__EXERCISE DATA__:
● ● ● ●

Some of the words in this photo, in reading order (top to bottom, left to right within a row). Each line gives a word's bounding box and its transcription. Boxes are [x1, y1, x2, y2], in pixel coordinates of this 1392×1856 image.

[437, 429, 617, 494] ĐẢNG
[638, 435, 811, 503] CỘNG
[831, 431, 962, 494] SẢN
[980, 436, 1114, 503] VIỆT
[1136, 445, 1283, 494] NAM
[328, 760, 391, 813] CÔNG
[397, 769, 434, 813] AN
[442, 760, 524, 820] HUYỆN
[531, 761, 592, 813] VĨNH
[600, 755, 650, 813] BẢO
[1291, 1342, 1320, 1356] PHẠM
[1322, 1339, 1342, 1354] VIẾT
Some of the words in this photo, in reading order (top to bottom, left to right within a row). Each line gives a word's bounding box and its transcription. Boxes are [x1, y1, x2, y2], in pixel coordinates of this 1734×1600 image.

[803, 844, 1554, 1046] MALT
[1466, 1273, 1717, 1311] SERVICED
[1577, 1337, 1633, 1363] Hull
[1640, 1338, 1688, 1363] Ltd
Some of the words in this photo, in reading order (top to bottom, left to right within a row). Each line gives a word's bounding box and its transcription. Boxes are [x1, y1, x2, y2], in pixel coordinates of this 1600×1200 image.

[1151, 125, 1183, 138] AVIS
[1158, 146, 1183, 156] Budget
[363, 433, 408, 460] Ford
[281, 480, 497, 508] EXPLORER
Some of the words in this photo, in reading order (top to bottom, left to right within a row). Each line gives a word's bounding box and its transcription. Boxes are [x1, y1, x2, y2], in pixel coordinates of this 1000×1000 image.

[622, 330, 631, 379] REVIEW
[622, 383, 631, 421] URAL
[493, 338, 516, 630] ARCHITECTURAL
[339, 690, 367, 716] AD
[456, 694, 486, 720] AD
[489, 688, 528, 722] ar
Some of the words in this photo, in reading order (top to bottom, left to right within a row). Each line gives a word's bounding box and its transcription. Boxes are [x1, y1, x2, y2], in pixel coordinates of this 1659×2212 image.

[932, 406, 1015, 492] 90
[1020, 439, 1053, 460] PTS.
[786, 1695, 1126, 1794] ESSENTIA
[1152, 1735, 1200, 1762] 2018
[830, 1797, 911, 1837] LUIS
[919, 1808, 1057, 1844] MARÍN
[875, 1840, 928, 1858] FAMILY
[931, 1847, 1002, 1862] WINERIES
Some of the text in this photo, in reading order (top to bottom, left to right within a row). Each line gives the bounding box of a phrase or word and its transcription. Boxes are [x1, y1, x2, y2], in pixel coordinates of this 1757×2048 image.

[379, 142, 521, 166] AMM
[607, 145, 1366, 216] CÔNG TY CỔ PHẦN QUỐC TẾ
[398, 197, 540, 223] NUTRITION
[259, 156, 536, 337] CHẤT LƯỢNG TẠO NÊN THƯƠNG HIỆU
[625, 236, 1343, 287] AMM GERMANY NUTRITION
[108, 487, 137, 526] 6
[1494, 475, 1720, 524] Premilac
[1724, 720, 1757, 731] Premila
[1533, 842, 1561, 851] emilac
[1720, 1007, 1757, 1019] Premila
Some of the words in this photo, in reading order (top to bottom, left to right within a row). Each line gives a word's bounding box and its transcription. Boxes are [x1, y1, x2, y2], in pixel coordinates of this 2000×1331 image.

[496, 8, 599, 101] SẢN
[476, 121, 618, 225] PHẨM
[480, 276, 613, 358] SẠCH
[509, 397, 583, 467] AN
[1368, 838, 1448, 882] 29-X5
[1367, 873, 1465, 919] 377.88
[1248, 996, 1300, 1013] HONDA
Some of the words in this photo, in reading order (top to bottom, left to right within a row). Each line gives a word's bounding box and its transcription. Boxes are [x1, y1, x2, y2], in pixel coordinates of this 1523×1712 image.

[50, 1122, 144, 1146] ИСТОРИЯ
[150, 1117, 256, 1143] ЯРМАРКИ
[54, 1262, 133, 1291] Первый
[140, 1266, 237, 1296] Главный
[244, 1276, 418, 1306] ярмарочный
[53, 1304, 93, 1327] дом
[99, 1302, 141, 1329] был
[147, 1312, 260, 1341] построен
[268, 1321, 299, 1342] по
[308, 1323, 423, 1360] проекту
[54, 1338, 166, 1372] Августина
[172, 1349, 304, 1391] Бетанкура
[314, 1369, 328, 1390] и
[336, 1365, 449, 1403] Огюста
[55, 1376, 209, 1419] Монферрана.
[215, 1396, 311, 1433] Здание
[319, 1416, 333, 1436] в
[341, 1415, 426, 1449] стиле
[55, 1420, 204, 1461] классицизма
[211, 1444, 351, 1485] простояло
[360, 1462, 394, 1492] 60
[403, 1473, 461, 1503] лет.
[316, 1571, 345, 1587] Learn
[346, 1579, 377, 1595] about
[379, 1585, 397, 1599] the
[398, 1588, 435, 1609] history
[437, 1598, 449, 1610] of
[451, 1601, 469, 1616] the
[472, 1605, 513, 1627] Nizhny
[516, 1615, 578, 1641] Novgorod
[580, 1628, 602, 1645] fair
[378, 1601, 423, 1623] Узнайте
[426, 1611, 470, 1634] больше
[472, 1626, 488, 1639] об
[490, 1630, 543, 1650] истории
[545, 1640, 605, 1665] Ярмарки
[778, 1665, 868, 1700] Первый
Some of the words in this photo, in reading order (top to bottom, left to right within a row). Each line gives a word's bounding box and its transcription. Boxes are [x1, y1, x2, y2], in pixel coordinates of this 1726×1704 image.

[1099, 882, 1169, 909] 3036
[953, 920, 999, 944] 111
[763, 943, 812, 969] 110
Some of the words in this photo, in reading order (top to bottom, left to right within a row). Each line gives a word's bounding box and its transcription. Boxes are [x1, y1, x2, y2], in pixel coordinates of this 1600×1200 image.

● ● ● ●

__YOUR GOAL__: Restate the entries. Match them exactly.

__THE COMPLETED TASK__:
Some of the words in this photo, in reading order (top to bottom, left to right within a row). Each line gives a word's bounding box and its transcription. Boxes are [x1, y1, x2, y2], in pixel coordinates of this 1392×1856 image.

[437, 429, 617, 494] ĐẢNG
[638, 435, 811, 503] CỘNG
[831, 431, 962, 494] SẢN
[980, 436, 1114, 503] VIỆT
[1136, 445, 1283, 494] NAM
[328, 760, 391, 813] CÔNG
[397, 769, 434, 813] AN
[442, 760, 524, 820] HUYỆN
[531, 761, 592, 813] VĨNH
[600, 755, 650, 813] BẢO
[1291, 1342, 1320, 1356] PHẠM
[1322, 1339, 1342, 1354] VIẾT
Some of the words in this photo, in reading order (top to bottom, left to right within a row). Each line gives a word's bounding box and its transcription. Boxes are [x1, y1, x2, y2], in pixel coordinates of this 1734×1600 image.

[803, 844, 1554, 1046] MALT
[1466, 1273, 1717, 1311] SERVICED
[1577, 1337, 1633, 1363] Hull
[1640, 1338, 1688, 1363] Ltd
Some of the words in this photo, in reading order (top to bottom, left to right within a row). Each line gives a word's bounding box and its transcription. Boxes are [x1, y1, x2, y2], in pixel coordinates of this 1600×1200 image.

[1151, 125, 1183, 138] AVIS
[1158, 146, 1183, 156] Budget
[363, 433, 408, 460] Ford
[281, 480, 497, 508] EXPLORER
Some of the words in this photo, in reading order (top to bottom, left to right within a row). Each line gives a word's bounding box and its transcription. Boxes are [x1, y1, x2, y2], in pixel coordinates of this 1000×1000 image.

[622, 330, 631, 379] REVIEW
[622, 383, 631, 421] URAL
[493, 338, 516, 630] ARCHITECTURAL
[339, 690, 367, 716] AD
[456, 694, 486, 720] AD
[489, 688, 528, 722] ar
Some of the words in this photo, in reading order (top to bottom, left to right within a row). Each line gives a word's bounding box and its transcription. Boxes are [x1, y1, x2, y2], in pixel coordinates of this 1659×2212 image.

[932, 406, 1015, 492] 90
[1020, 439, 1053, 460] PTS.
[786, 1695, 1126, 1794] ESSENTIA
[1152, 1735, 1200, 1762] 2018
[830, 1797, 911, 1837] LUIS
[919, 1808, 1057, 1844] MARÍN
[875, 1840, 928, 1858] FAMILY
[931, 1847, 1002, 1862] WINERIES
Some of the text in this photo, in reading order (top to bottom, left to right within a row). Each line gives the bounding box of a phrase or word and its transcription. Boxes are [x1, y1, x2, y2], in pixel coordinates of this 1757×2048 image.

[379, 142, 521, 166] AMM
[607, 145, 1366, 216] CÔNG TY CỔ PHẦN QUỐC TẾ
[398, 197, 540, 223] NUTRITION
[259, 156, 536, 337] CHẤT LƯỢNG TẠO NÊN THƯƠNG HIỆU
[625, 236, 1343, 287] AMM GERMANY NUTRITION
[108, 487, 137, 526] 6
[1494, 475, 1720, 524] Premilac
[1724, 720, 1757, 731] Premila
[1533, 842, 1561, 851] emilac
[1720, 1007, 1757, 1019] Premila
Some of the words in this photo, in reading order (top to bottom, left to right within a row). Each line gives a word's bounding box and its transcription. Boxes are [x1, y1, x2, y2], in pixel coordinates of this 2000×1331 image.

[496, 8, 599, 101] SẢN
[476, 121, 618, 225] PHẨM
[480, 276, 613, 358] SẠCH
[509, 397, 583, 467] AN
[1368, 838, 1448, 882] 29-X5
[1367, 873, 1465, 919] 377.88
[1248, 996, 1300, 1013] HONDA
Some of the words in this photo, in reading order (top to bottom, left to right within a row). Each line gives a word's bounding box and its transcription. Boxes are [x1, y1, x2, y2], in pixel coordinates of this 1523×1712 image.

[50, 1122, 144, 1146] ИСТОРИЯ
[150, 1117, 256, 1143] ЯРМАРКИ
[54, 1262, 133, 1291] Первый
[140, 1266, 237, 1296] Главный
[244, 1276, 418, 1306] ярмарочный
[53, 1304, 93, 1327] дом
[99, 1302, 141, 1329] был
[147, 1312, 260, 1341] построен
[268, 1321, 299, 1342] по
[308, 1323, 423, 1360] проекту
[54, 1338, 166, 1372] Августина
[172, 1349, 304, 1391] Бетанкура
[314, 1369, 328, 1390] и
[336, 1365, 449, 1403] Огюста
[55, 1376, 209, 1419] Монферрана.
[215, 1396, 311, 1433] Здание
[319, 1416, 333, 1436] в
[341, 1415, 426, 1449] стиле
[55, 1420, 204, 1461] классицизма
[211, 1444, 351, 1485] простояло
[360, 1462, 394, 1492] 60
[403, 1473, 461, 1503] лет.
[316, 1571, 345, 1587] Learn
[346, 1579, 377, 1595] about
[379, 1585, 397, 1599] the
[398, 1588, 435, 1609] history
[437, 1598, 449, 1610] of
[451, 1601, 469, 1616] the
[472, 1605, 513, 1627] Nizhny
[516, 1615, 578, 1641] Novgorod
[580, 1628, 602, 1645] fair
[378, 1601, 423, 1623] Узнайте
[426, 1611, 470, 1634] больше
[472, 1626, 488, 1639] об
[490, 1630, 543, 1650] истории
[545, 1640, 605, 1665] Ярмарки
[778, 1665, 868, 1700] Первый
Some of the words in this photo, in reading order (top to bottom, left to right within a row). Each line gives a word's bounding box and its transcription. Boxes are [x1, y1, x2, y2], in pixel coordinates of this 1726×1704 image.

[1099, 882, 1169, 909] 3036
[953, 920, 999, 944] 111
[763, 943, 812, 969] 110
Some of the words in this photo, in reading order (top to bottom, left to right within a row). Each line gives a word's bounding box and its transcription. Boxes are [x1, y1, x2, y2], in pixel coordinates of this 1600×1200 image.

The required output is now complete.